Darwin misread his observations so they reinforced the imperialist, capitalist culture of England of his time. The predator-prey relationship is not one of conflict because they are not competing for the same resources. Besides it covers only a relative few species.
We study science so we can know how nature works and use this knowledge to improve the environment and our lives. When this knowledge is wrong, our use of it damages the environment and us as have the false sciences of social Darwinism, eugenics, and anti-ecology ideologies.
If nature is based on conflict, war, how can it be beautiful or wonderful, instead of ugly and evil?

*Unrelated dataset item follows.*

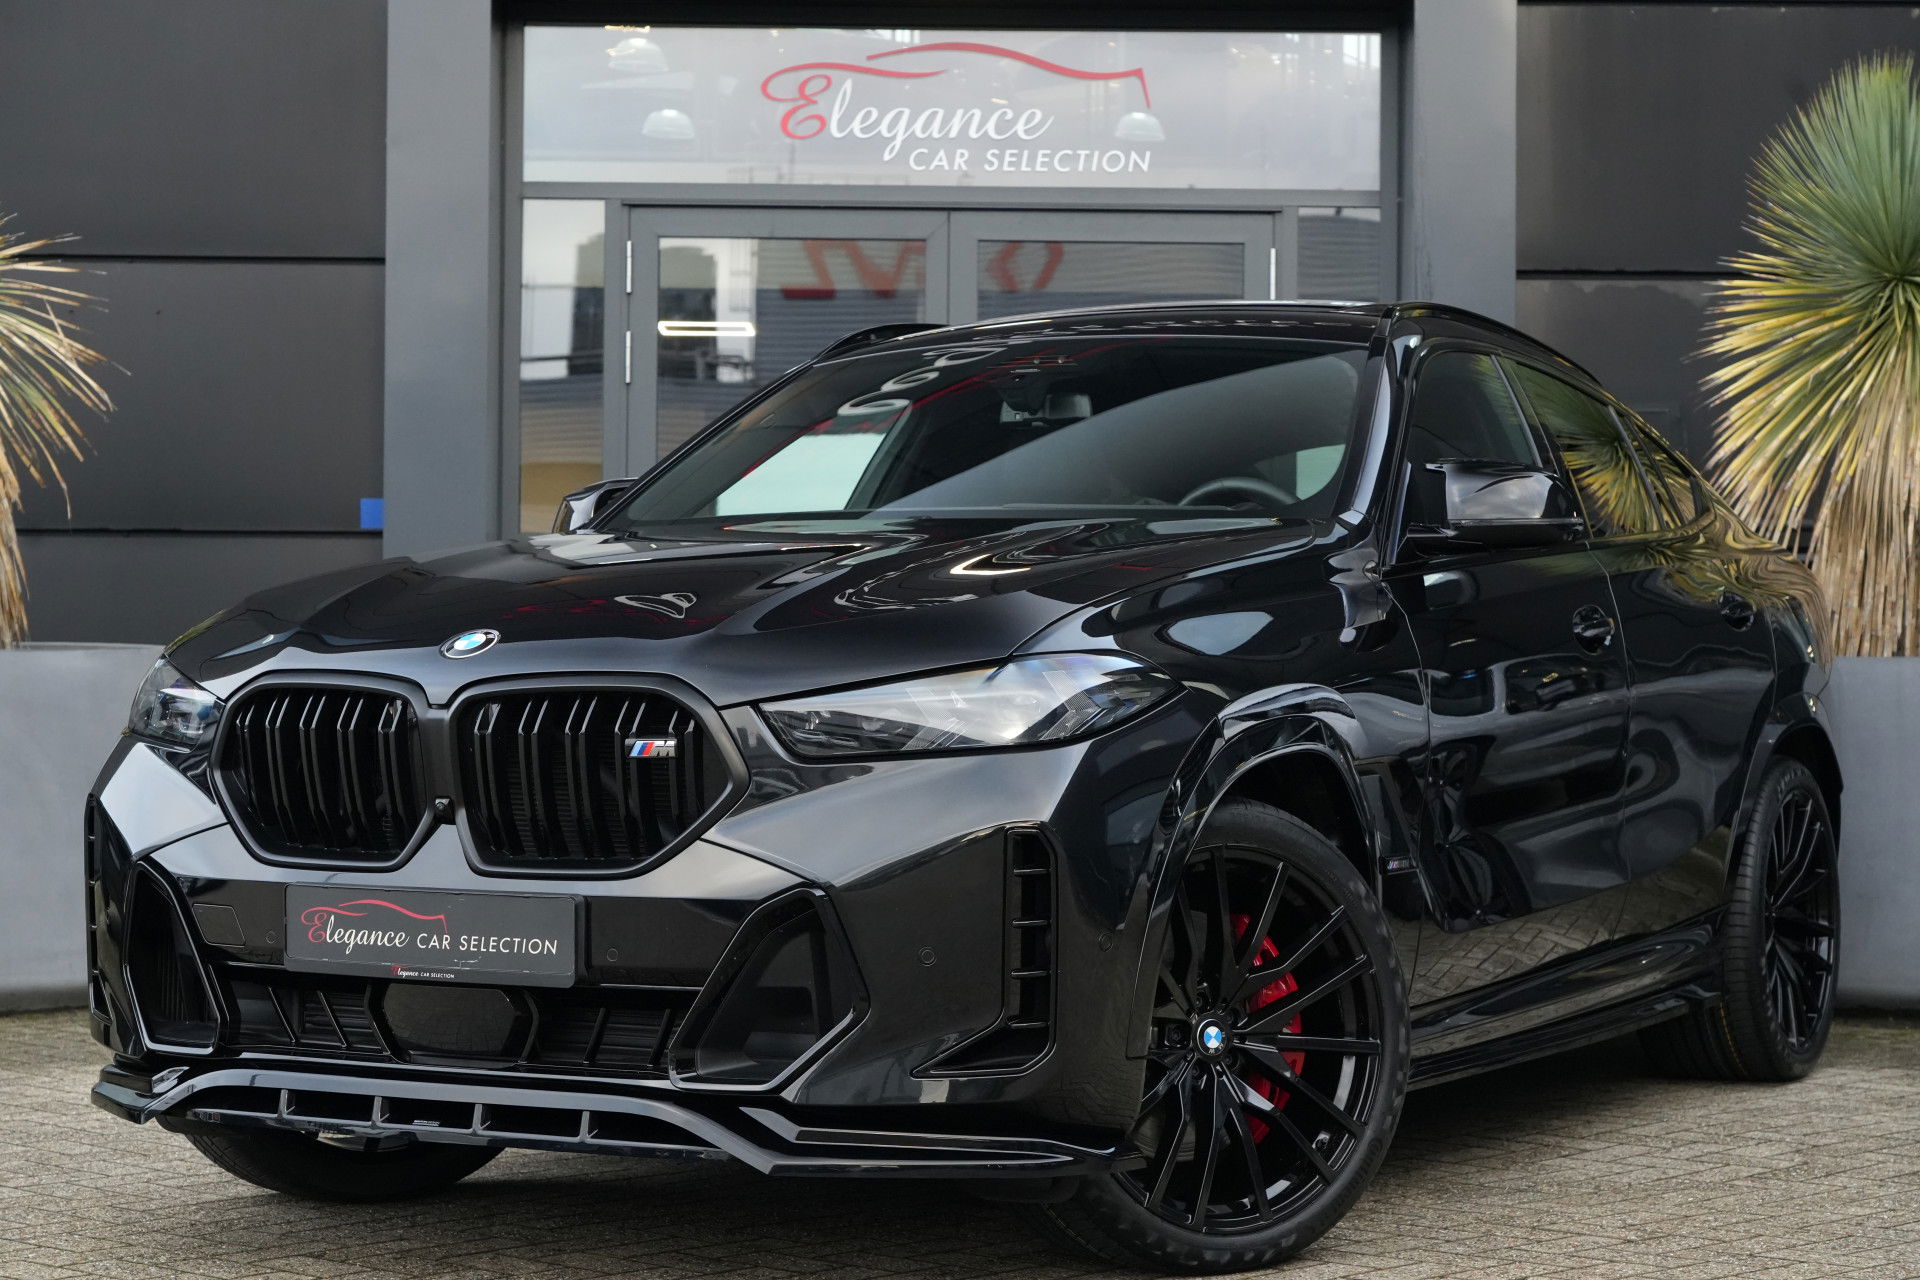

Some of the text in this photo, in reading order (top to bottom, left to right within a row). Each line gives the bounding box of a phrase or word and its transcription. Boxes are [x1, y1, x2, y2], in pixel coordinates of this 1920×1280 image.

I think nature involves conflict but it also involves cooperation so it’s hard to attribute just one adjective to it. In any case, the ability for organisms to adapt to their environment, with those best fitted surviving and those not fitted dying off, is very elegant and mathematically beautiful.
Evolution as a mechanism, with DNA storage and transmission, is a better and more robust system than any human programmer has ever designed or dreamt up. DNA is the longest lasting storage medium around. It is hard (for me at least) not to be amazed by the diversity of life and the ability for organisms to adapt.
Perhaps rather than “good” or “evil” I would say I’m consistently “in awe” of nature.
Off topic, but this stirs my little librarian’s heart! The history of the storage of human knowledge is riddled with obsolete storage media. The diversity of such has simply exploded in the last 50 years. The race to keep up with the constant errosion of access to stored human knowledge is unwinable and crushing for people like me. We fight censorship but end up committing it by chosing short-lived storage media!
No, I don’t see them as separate things. You can’t even accurately describe my own position.
I see the struggle for existence as causing adaptation. They aren’t separate. One is the cause of the other.
No, I don’t. I said just the opposite. Rather, the struggle for existence causes populations to adapt by favoring the genetic adaptations that appear in the population.
Yes, there is a connection, the one I already described for you:
“Individual organisms do not adapt. The species (i.e. population) adapts. The struggle for existence occurs at the individual level, and those who have characteristics that better fit the environment will tend to have more children and grandchildren. These are the fit individuals as defined by their ability to have more offspring.”
Really? If we need to fly, do we grow wings? If we need to swim, do we grow gills? If we need a different type of hemoglobin to fight off malaria, do we suddenly get the mutations that are needed? If we need to be taller, do we grow?
And it does provide an accurate view.
You are making a big mistake by ignoring competition between and within species.